What you are asked to do: Every record below, from first to last, should be copied exactly; leave the pictures out.

*** Opening of Material provided ***

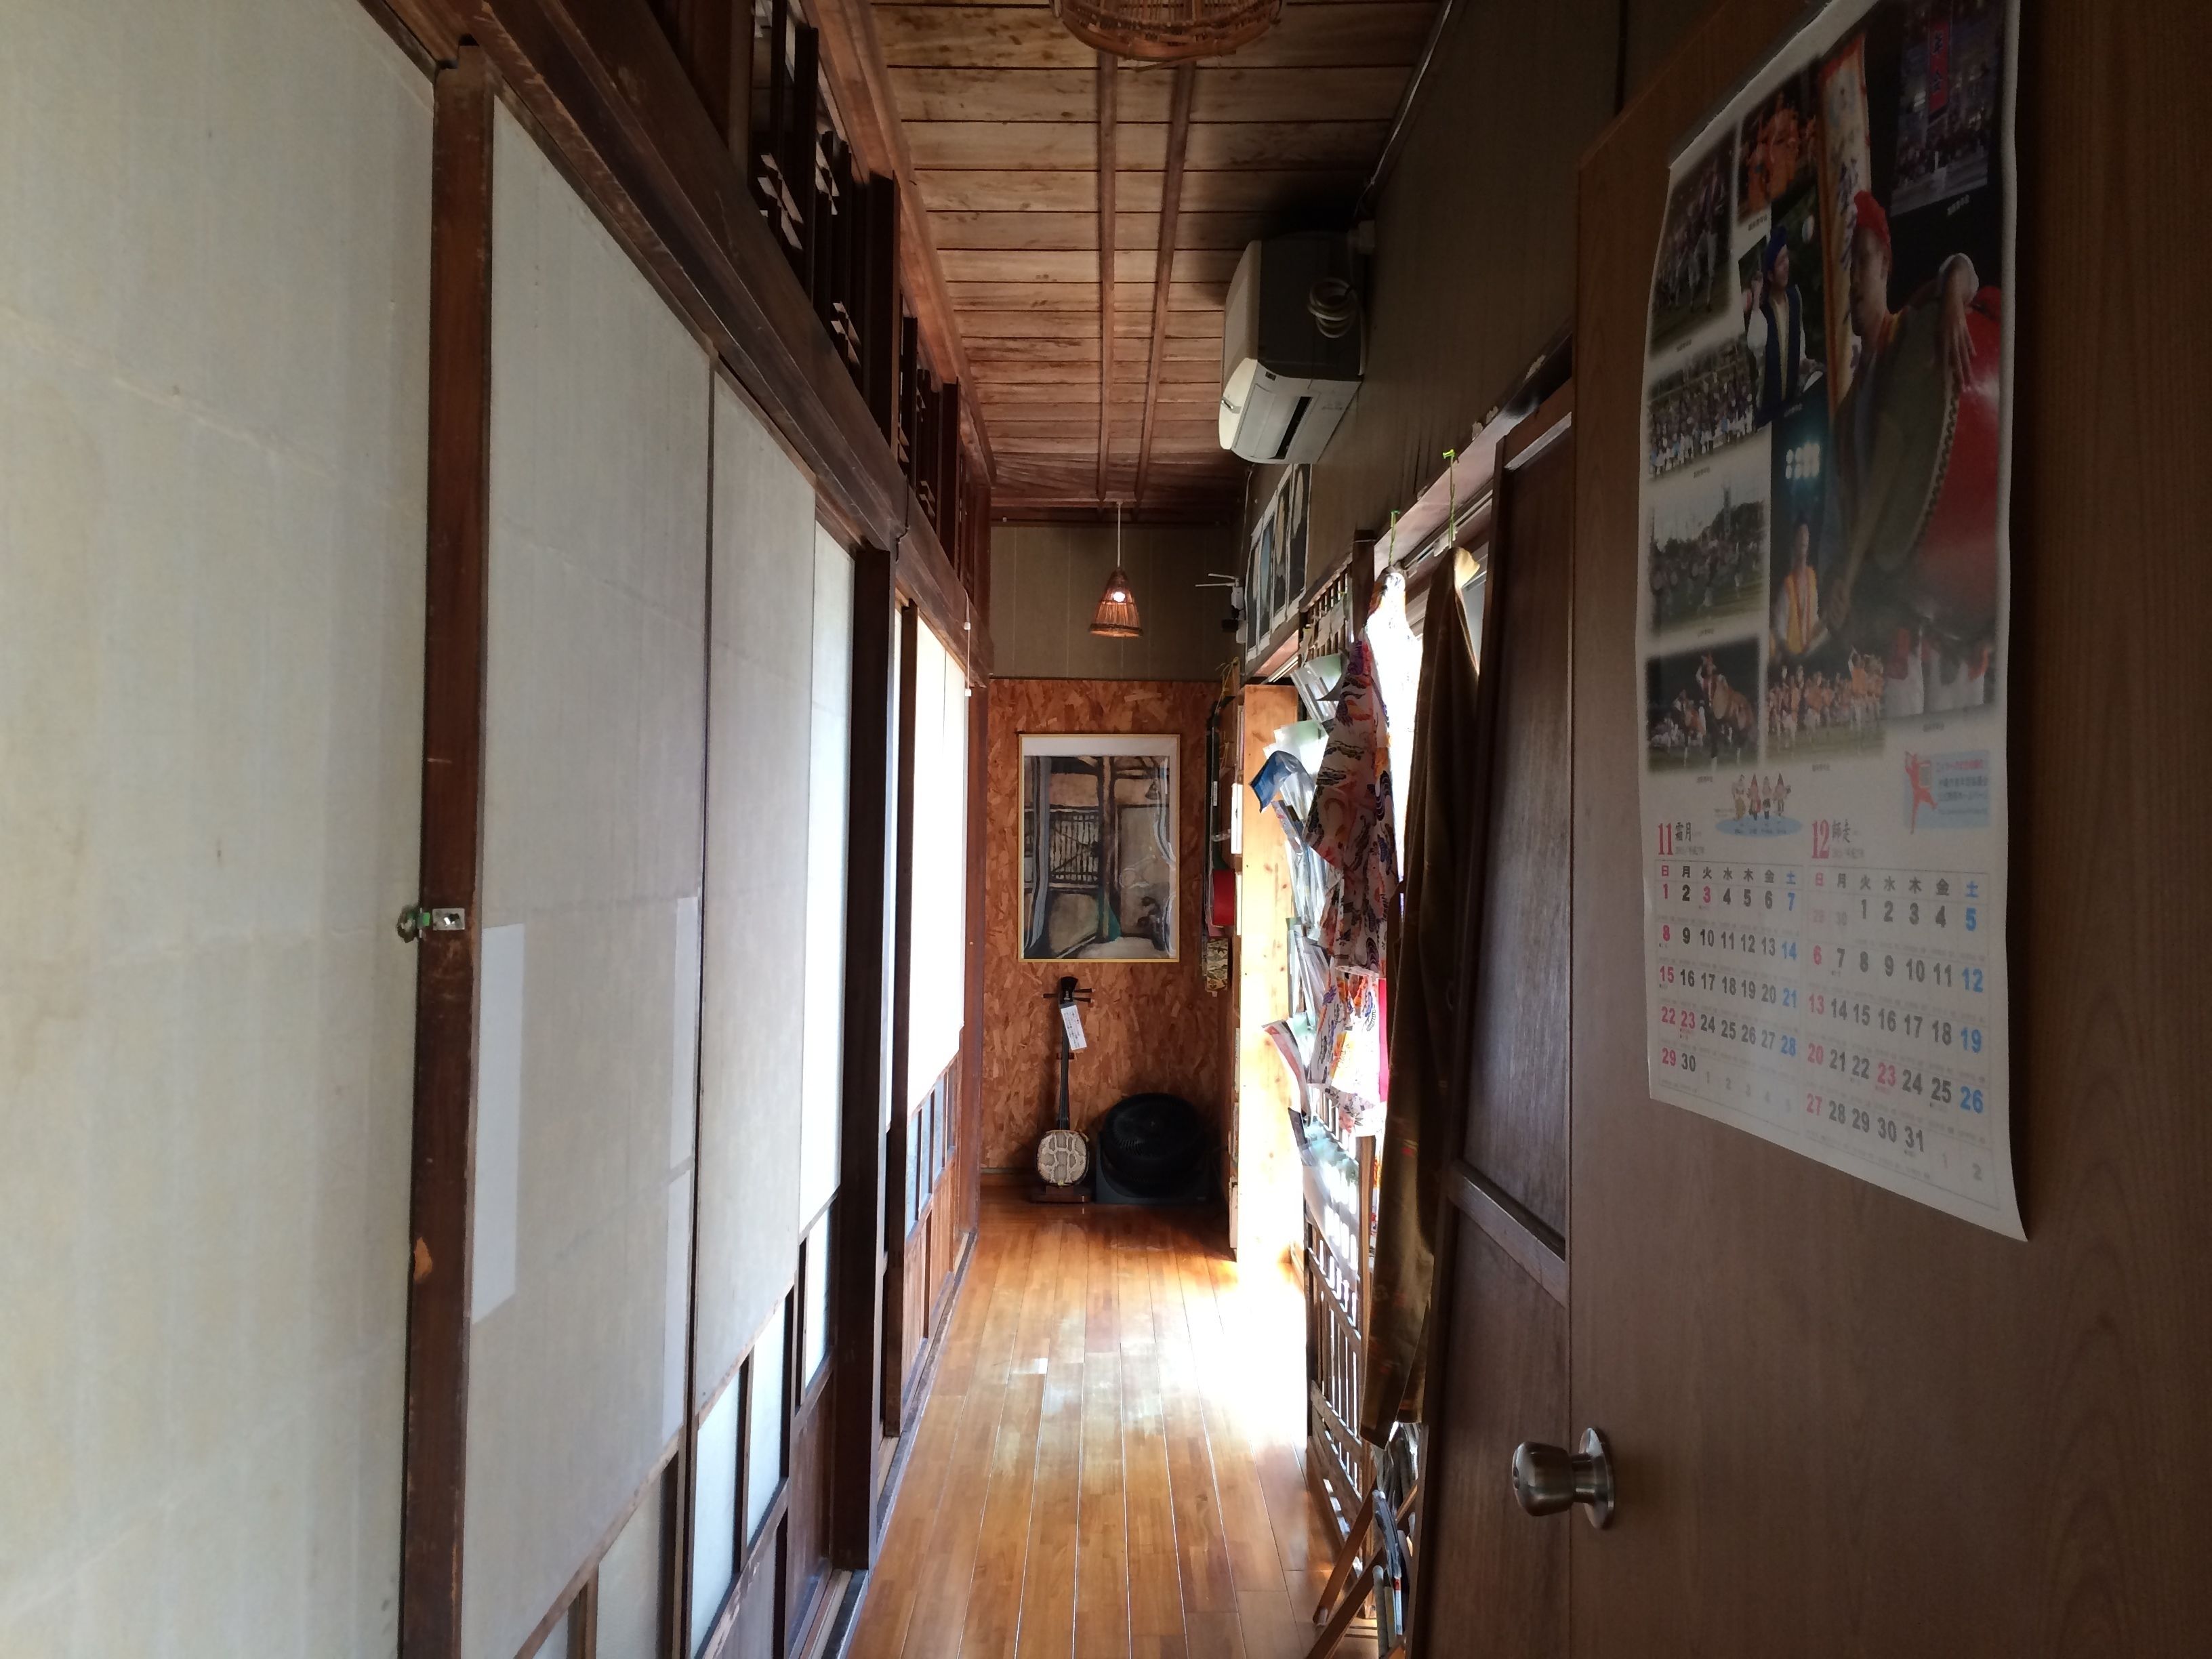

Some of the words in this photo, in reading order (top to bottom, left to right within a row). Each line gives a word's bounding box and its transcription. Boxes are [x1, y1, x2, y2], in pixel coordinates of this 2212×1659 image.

[1658, 823, 1673, 855] 11
[1675, 822, 1691, 842] 霜月
[1812, 819, 1830, 859] 12
[1662, 865, 1668, 876] 日
[1682, 866, 1690, 878] 月
[1702, 867, 1712, 879] 火
[1723, 867, 1732, 880] 水
[1744, 868, 1753, 882] 木
[1765, 869, 1774, 883] 金
[1786, 871, 1796, 884] 土
[1816, 872, 1824, 886] 日
[1837, 873, 1846, 888] 月
[1860, 875, 1870, 890] 火
[1884, 876, 1895, 891] 水
[1909, 877, 1921, 893] 木
[1936, 878, 1949, 896] 金
[1965, 881, 1978, 898] 土
[1663, 884, 1668, 899] 1
[1682, 884, 1689, 901] 2
[1703, 886, 1711, 903] 3
[1723, 888, 1731, 905] 4
[1744, 889, 1751, 907] 5
[1765, 890, 1772, 909] 6
[1788, 893, 1795, 911] 7
[1862, 899, 1866, 919] 1
[1884, 901, 1893, 922] 2
[1909, 903, 1919, 924] 3
[1936, 905, 1946, 928] 4
[1966, 907, 1976, 931] 5
[1663, 925, 1670, 941] 8
[1683, 927, 1690, 944] 9
[1700, 929, 1714, 947] 10
[1721, 931, 1734, 949] 11
[1741, 934, 1755, 953] 12
[1761, 937, 1775, 956] 13
[1782, 941, 1797, 960] 14
[1660, 966, 1674, 983] 15
[1681, 969, 1694, 987] 16
[1701, 972, 1715, 990] 17
[1722, 976, 1736, 995] 18
[1742, 980, 1756, 999] 19
[1761, 983, 1776, 1004] 20
[1783, 987, 1797, 1008] 21
[1814, 945, 1822, 965] 6
[1837, 948, 1845, 968] 7
[1860, 951, 1868, 972] 8
[1885, 955, 1893, 977] 9
[1906, 958, 1925, 983] 10
[1933, 963, 1951, 987] 11
[1962, 968, 1983, 993] 12
[1662, 1006, 1675, 1025] 22
[1681, 1010, 1695, 1029] 23
[1701, 1015, 1715, 1033] 24
[1721, 1020, 1736, 1040] 25
[1741, 1024, 1756, 1044] 26
[1761, 1029, 1776, 1049] 27
[1781, 1036, 1796, 1057] 28
[1809, 994, 1824, 1015] 13
[1831, 998, 1847, 1020] 14
[1853, 1004, 1870, 1025] 15
[1879, 1008, 1896, 1032] 16
[1904, 1014, 1923, 1038] 17
[1932, 1021, 1951, 1046] 18
[1961, 1027, 1982, 1053] 19
[1662, 1048, 1676, 1066] 29
[1681, 1053, 1696, 1071] 30
[1725, 1078, 1732, 1090] 2
[1807, 1043, 1824, 1065] 20
[1830, 1049, 1845, 1071] 21
[1852, 1055, 1870, 1079] 22
[1877, 1062, 1896, 1086] 23
[1902, 1069, 1923, 1095] 24
[1931, 1078, 1951, 1103] 25
[1960, 1086, 1983, 1113] 26
[1807, 1093, 1822, 1115] 27
[1829, 1101, 1845, 1124] 28
[1852, 1108, 1870, 1132] 29
[1877, 1117, 1897, 1143] 30
[1904, 1126, 1923, 1153] 31
[1972, 1163, 1982, 1181] 2

*** Close of Material provided ***

Solution to this exercise:
Some of the words in this photo, in reading order (top to bottom, left to right within a row). Each line gives a word's bounding box and its transcription. Boxes are [x1, y1, x2, y2], in pixel coordinates of this 2212×1659 image.

[1658, 823, 1673, 855] 11
[1675, 822, 1691, 842] 霜月
[1812, 819, 1830, 859] 12
[1662, 865, 1668, 876] 日
[1682, 866, 1690, 878] 月
[1702, 867, 1712, 879] 火
[1723, 867, 1732, 880] 水
[1744, 868, 1753, 882] 木
[1765, 869, 1774, 883] 金
[1786, 871, 1796, 884] 土
[1816, 872, 1824, 886] 日
[1837, 873, 1846, 888] 月
[1860, 875, 1870, 890] 火
[1884, 876, 1895, 891] 水
[1909, 877, 1921, 893] 木
[1936, 878, 1949, 896] 金
[1965, 881, 1978, 898] 土
[1663, 884, 1668, 899] 1
[1682, 884, 1689, 901] 2
[1703, 886, 1711, 903] 3
[1723, 888, 1731, 905] 4
[1744, 889, 1751, 907] 5
[1765, 890, 1772, 909] 6
[1788, 893, 1795, 911] 7
[1862, 899, 1866, 919] 1
[1884, 901, 1893, 922] 2
[1909, 903, 1919, 924] 3
[1936, 905, 1946, 928] 4
[1966, 907, 1976, 931] 5
[1663, 925, 1670, 941] 8
[1683, 927, 1690, 944] 9
[1700, 929, 1714, 947] 10
[1721, 931, 1734, 949] 11
[1741, 934, 1755, 953] 12
[1761, 937, 1775, 956] 13
[1782, 941, 1797, 960] 14
[1660, 966, 1674, 983] 15
[1681, 969, 1694, 987] 16
[1701, 972, 1715, 990] 17
[1722, 976, 1736, 995] 18
[1742, 980, 1756, 999] 19
[1761, 983, 1776, 1004] 20
[1783, 987, 1797, 1008] 21
[1814, 945, 1822, 965] 6
[1837, 948, 1845, 968] 7
[1860, 951, 1868, 972] 8
[1885, 955, 1893, 977] 9
[1906, 958, 1925, 983] 10
[1933, 963, 1951, 987] 11
[1962, 968, 1983, 993] 12
[1662, 1006, 1675, 1025] 22
[1681, 1010, 1695, 1029] 23
[1701, 1015, 1715, 1033] 24
[1721, 1020, 1736, 1040] 25
[1741, 1024, 1756, 1044] 26
[1761, 1029, 1776, 1049] 27
[1781, 1036, 1796, 1057] 28
[1809, 994, 1824, 1015] 13
[1831, 998, 1847, 1020] 14
[1853, 1004, 1870, 1025] 15
[1879, 1008, 1896, 1032] 16
[1904, 1014, 1923, 1038] 17
[1932, 1021, 1951, 1046] 18
[1961, 1027, 1982, 1053] 19
[1662, 1048, 1676, 1066] 29
[1681, 1053, 1696, 1071] 30
[1725, 1078, 1732, 1090] 2
[1807, 1043, 1824, 1065] 20
[1830, 1049, 1845, 1071] 21
[1852, 1055, 1870, 1079] 22
[1877, 1062, 1896, 1086] 23
[1902, 1069, 1923, 1095] 24
[1931, 1078, 1951, 1103] 25
[1960, 1086, 1983, 1113] 26
[1807, 1093, 1822, 1115] 27
[1829, 1101, 1845, 1124] 28
[1852, 1108, 1870, 1132] 29
[1877, 1117, 1897, 1143] 30
[1904, 1126, 1923, 1153] 31
[1972, 1163, 1982, 1181] 2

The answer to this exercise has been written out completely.